Still another objective measurement of cardiopulmonary function includes the pulmonary function test (PFT), which uses either a spirometer or a plethysmograph chamber, to measure volumes and rates of air during breathing. This method only measures breathing, and so does not capture the “cardio” side of the health assessment. Nonetheless, it presents a way for objectively measuring structural gas exchange volume and flow.
Yet another objective measurement of cardiopulmonary function includes the cardiac echo doppler test, which is a measure of the cardiac output, physical distension and valve health of a person. These measurements are not expected to change much over short periods (weeks) of time. This measurement does not address the pulmonary side of performance or skeletal muscle metabolic health.
As a substitute for these objective measurements, more easily deployed tests like the “6-minute walk test” (6MWT) are used in health monitoring and clinical studies. In the 6MWT, a clinician marks out a stretch of hallway in which the tested individual walks back and forth as far as possible in 6 minutes. The distance walked is a proxy for cardiopulmonary exercise capacity.

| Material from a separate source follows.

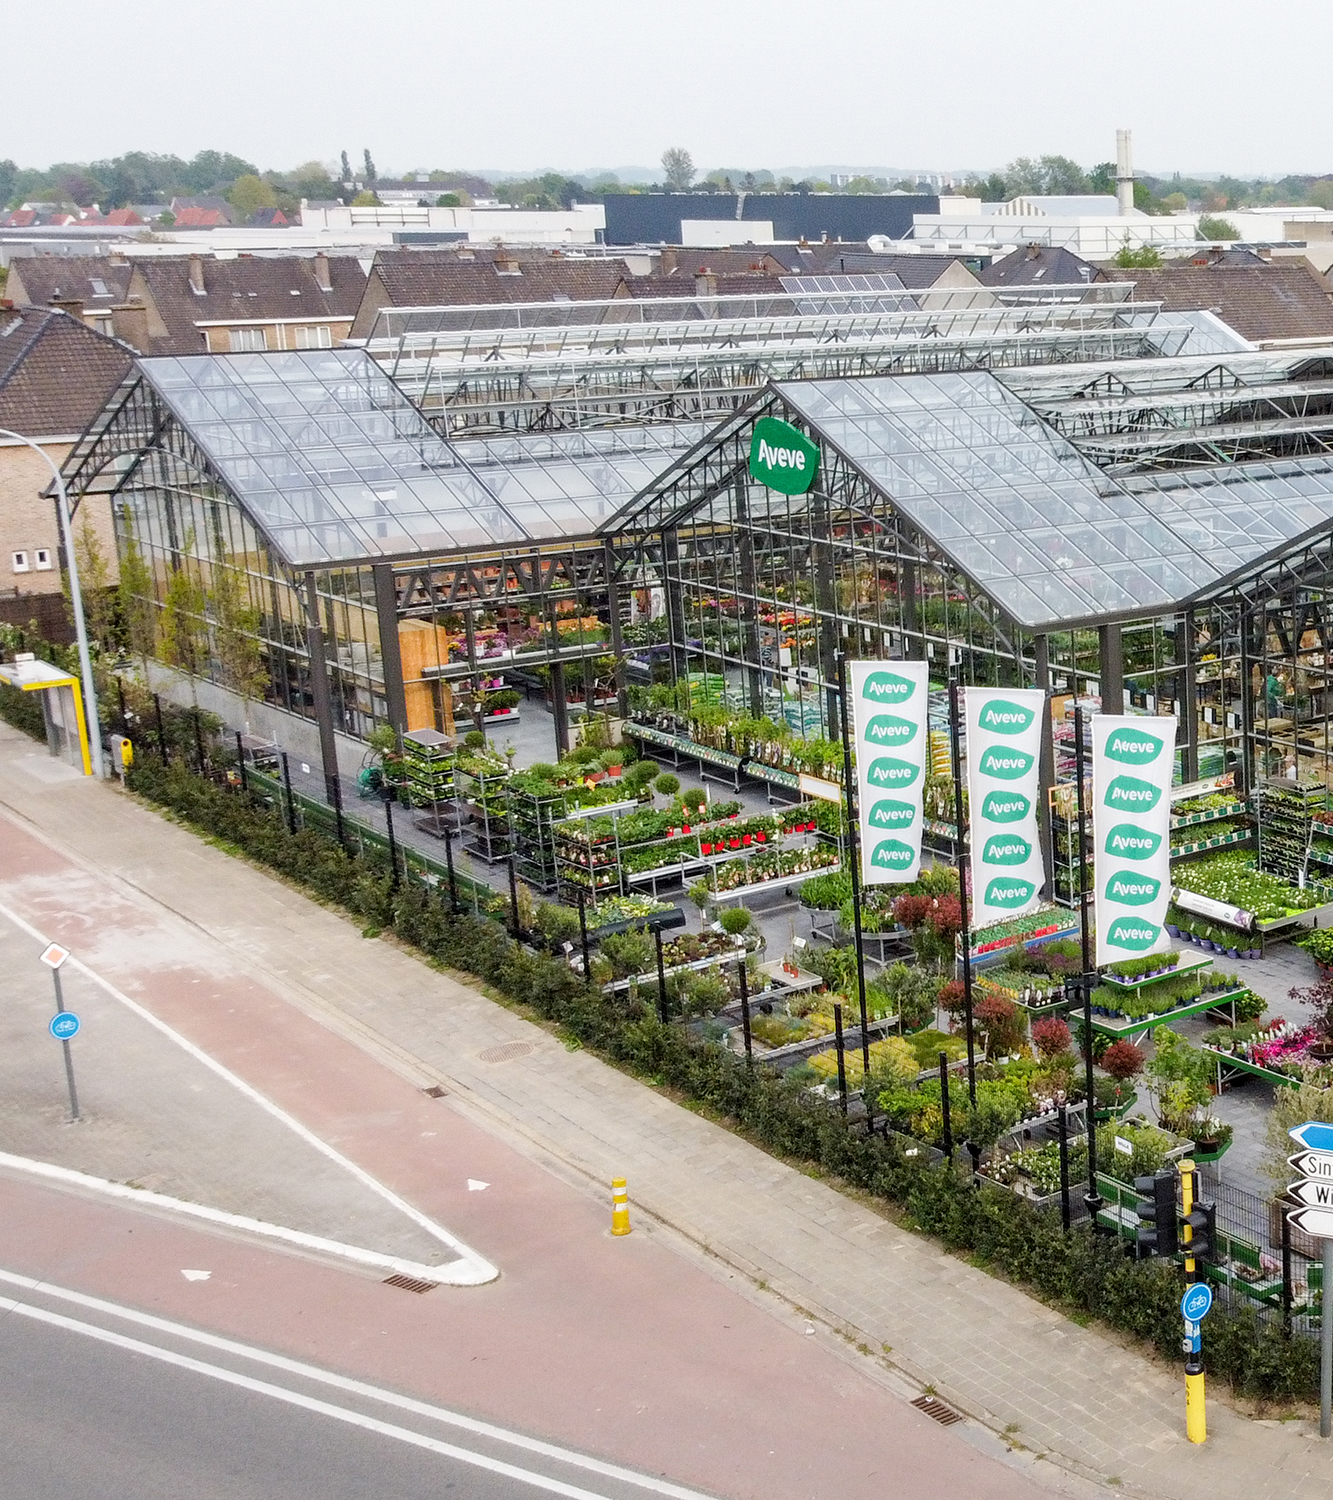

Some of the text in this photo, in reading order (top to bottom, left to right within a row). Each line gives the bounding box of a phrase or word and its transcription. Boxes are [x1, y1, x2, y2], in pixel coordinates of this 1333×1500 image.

One problem with the 6MWT is its crudeness: Settings may vary in terms of obstacles or distractions; a tested individual may walk less distance owing to something other than cardiopulmonary fitness, such as arthritis, a headache, balance issues or joint pain. Hence results are noisy and only coarsely correlated to true health. Moreover, it is inconvenient for a tested individual to travel to the clinician's location to participate in the test.
Estimators of VO2Max have been derived based on physical attribute values such as age or gender. However, these are also only coarsely accurate, and of course lend no information on day-over-day changes in the performance of an individual. For example, such estimators are useless for monitoring the status of a patient with chronic disease who may evolve a disease exacerbation over days or weeks. More recently, VO2Max estimators have begun to be developed using features from fitness trackers, mainly heart rate, in combination with physical attribute values, but these have lacked accuracy, and often still require the subject to perform a specific exercise routine during which the assessment is made.